## [Assignment]
Each entry below must be written out exactly, with pictures left out.

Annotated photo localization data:
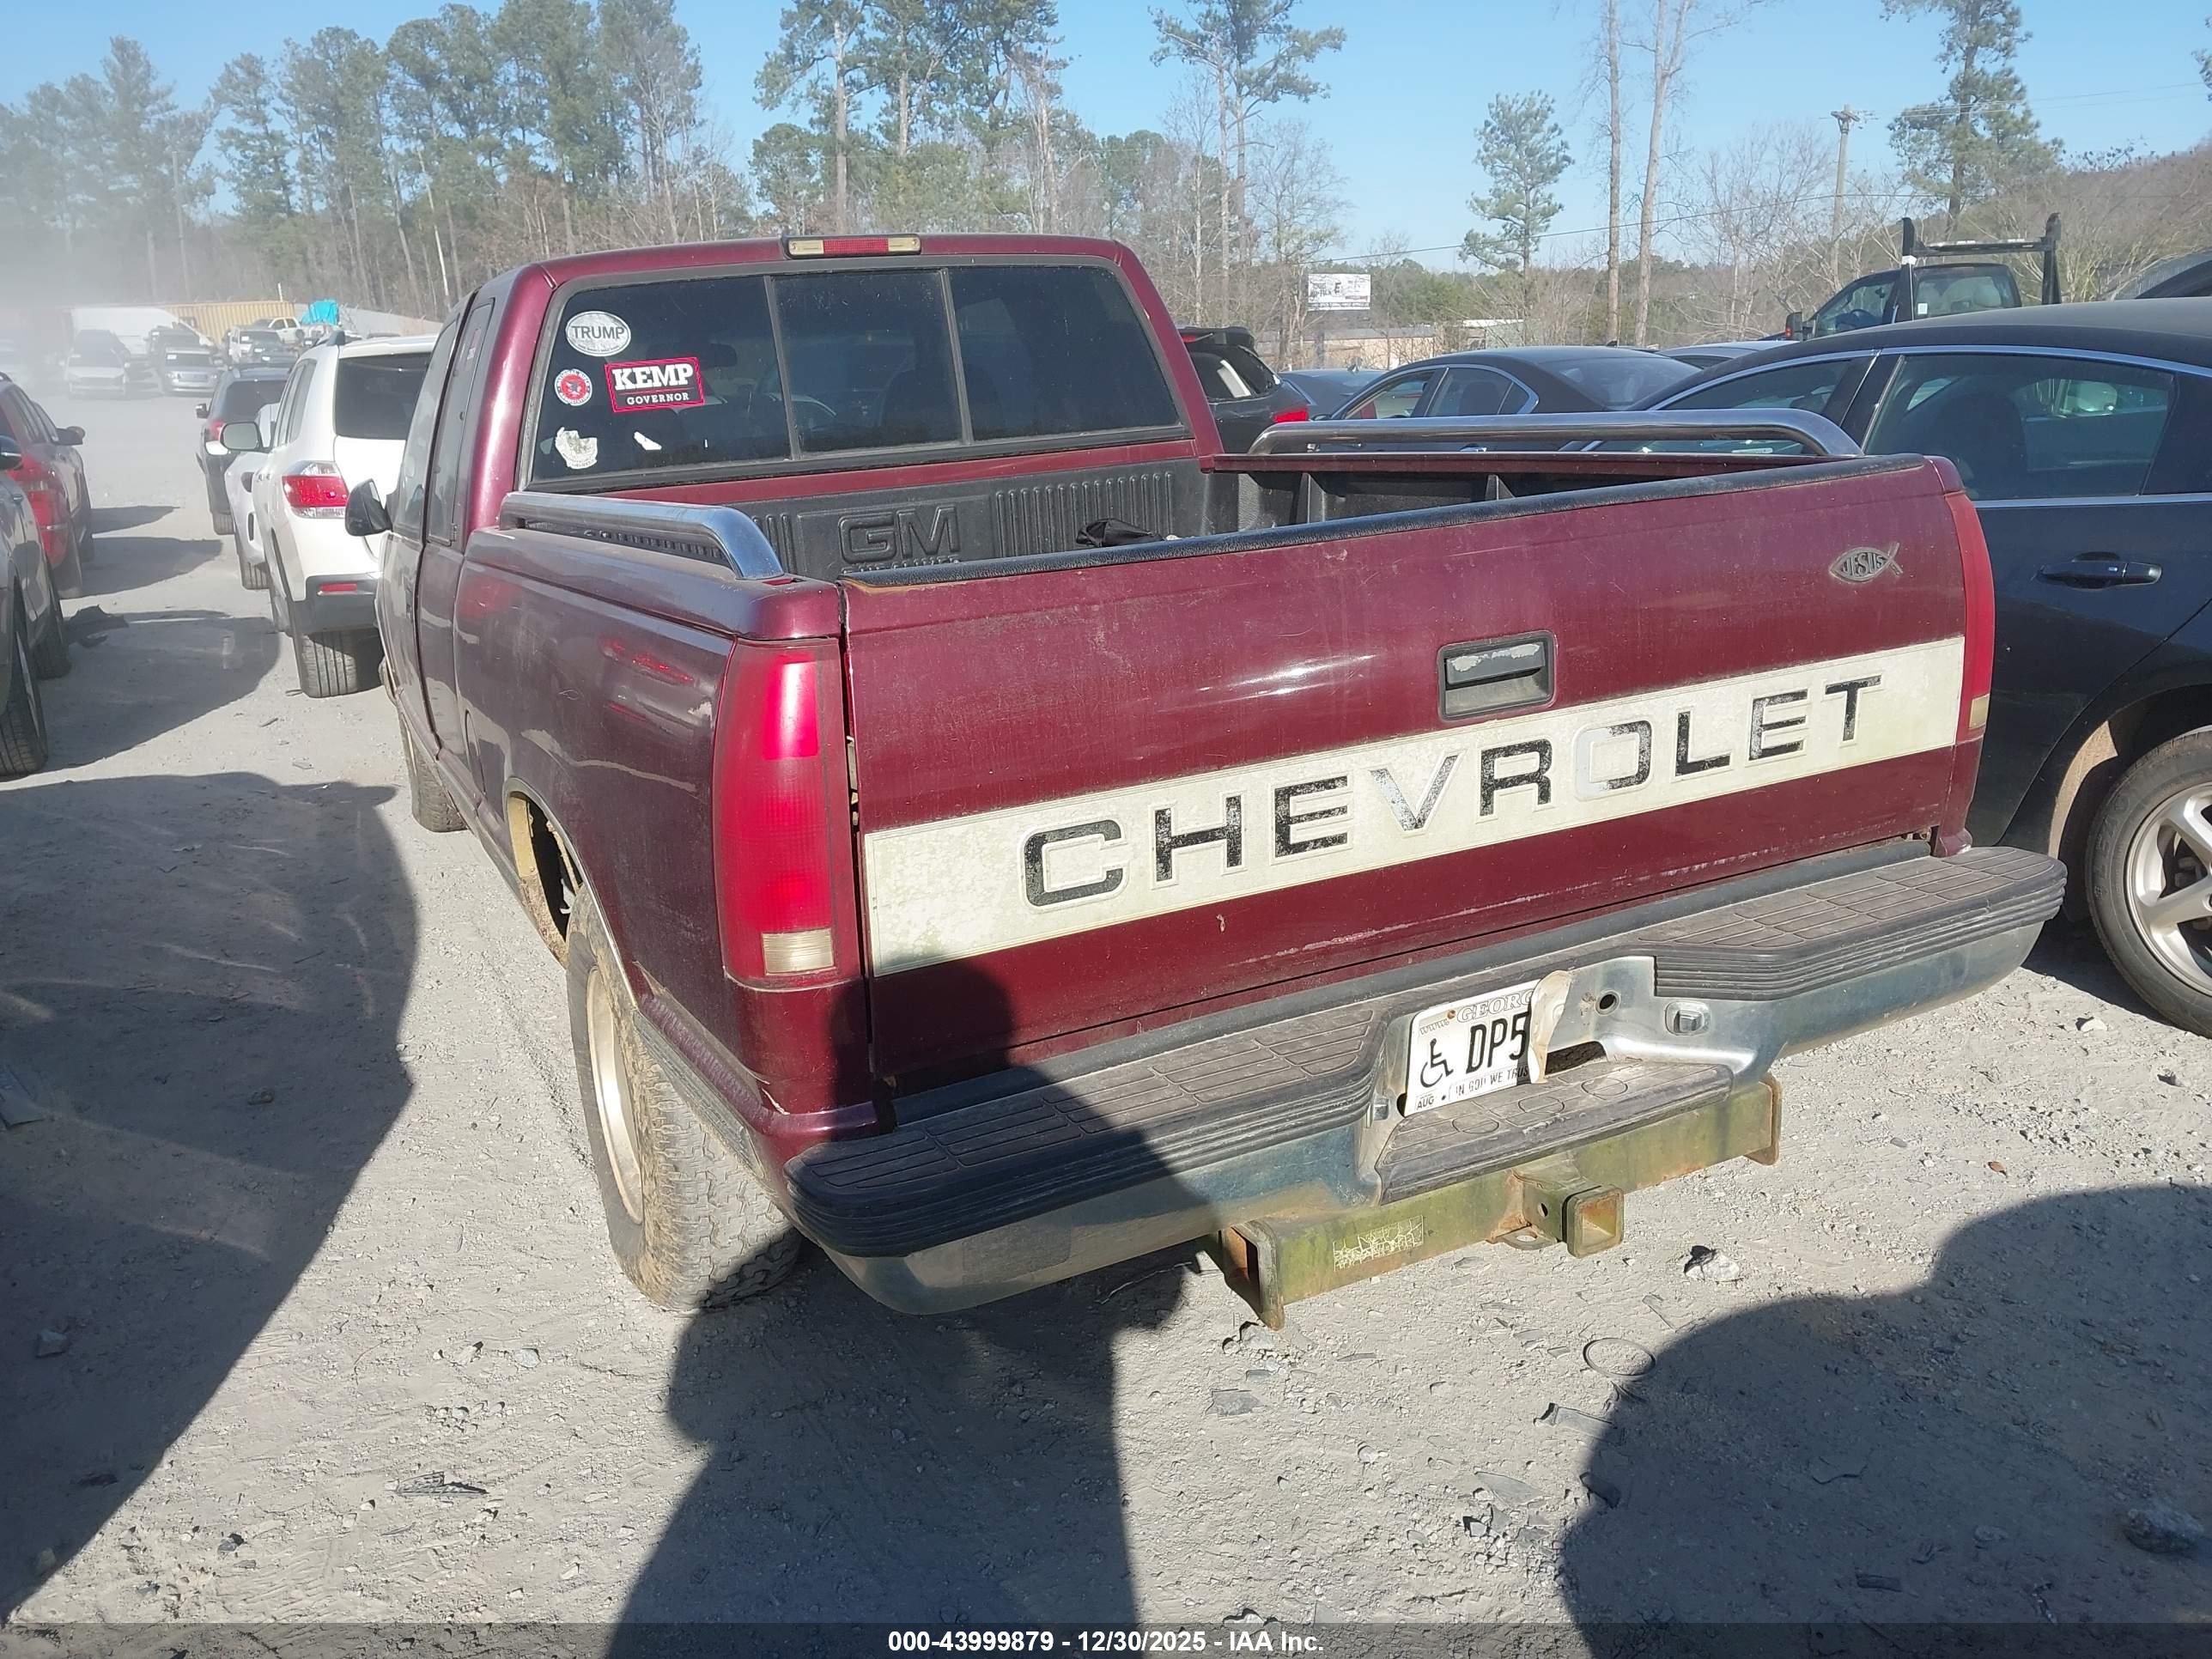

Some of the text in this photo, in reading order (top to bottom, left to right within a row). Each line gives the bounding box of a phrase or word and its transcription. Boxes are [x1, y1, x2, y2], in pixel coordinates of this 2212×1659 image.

[571, 325, 625, 340] TRUMP
[611, 362, 694, 391] KEMP
[626, 392, 690, 405] GOVERNOR
[837, 505, 962, 565] GM
[1841, 552, 1887, 577] JESUS
[1019, 673, 1884, 910] CHEVROLET
[1456, 988, 1533, 1023] GEORG
[1490, 1070, 1504, 1085] WE
[1507, 1066, 1529, 1082] TRUS
[1416, 1095, 1435, 1111] AUG
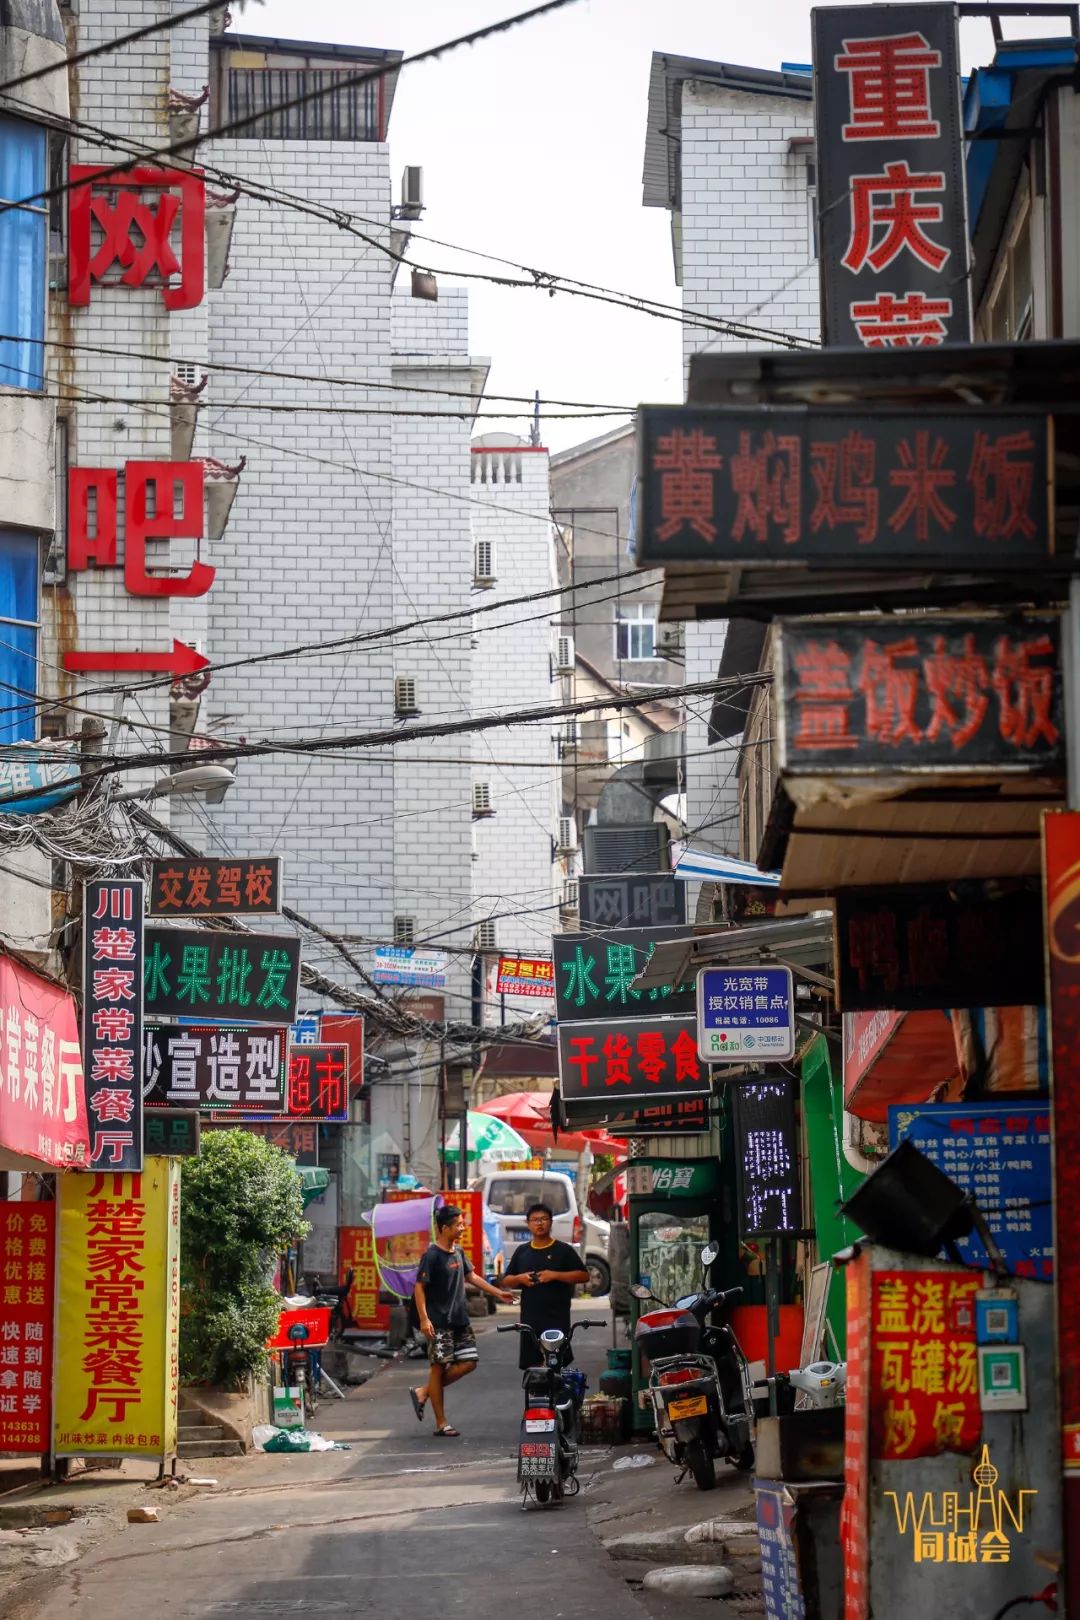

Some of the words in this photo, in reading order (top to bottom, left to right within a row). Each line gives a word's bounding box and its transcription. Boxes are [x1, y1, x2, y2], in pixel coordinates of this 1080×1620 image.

## [Solved exercise]
Some of the text in this photo, in reading order (top to bottom, left to right within a row). Each line gives the bounding box of a phrase or word and its transcription. Boxes are [x1, y1, x2, y2], in pixel coordinates of this 2212×1659 image.

[571, 325, 625, 340] TRUMP
[611, 362, 694, 391] KEMP
[626, 392, 690, 405] GOVERNOR
[837, 505, 962, 565] GM
[1841, 552, 1887, 577] JESUS
[1019, 673, 1884, 910] CHEVROLET
[1456, 988, 1533, 1023] GEORG
[1490, 1070, 1504, 1085] WE
[1507, 1066, 1529, 1082] TRUS
[1416, 1095, 1435, 1111] AUG

Some of the words in this photo, in reading order (top to bottom, left to right within a row). Each line gives a word's bounding box and its transcription. Boxes are [x1, y1, x2, y2], in pixel coordinates of this 1080×1620 image.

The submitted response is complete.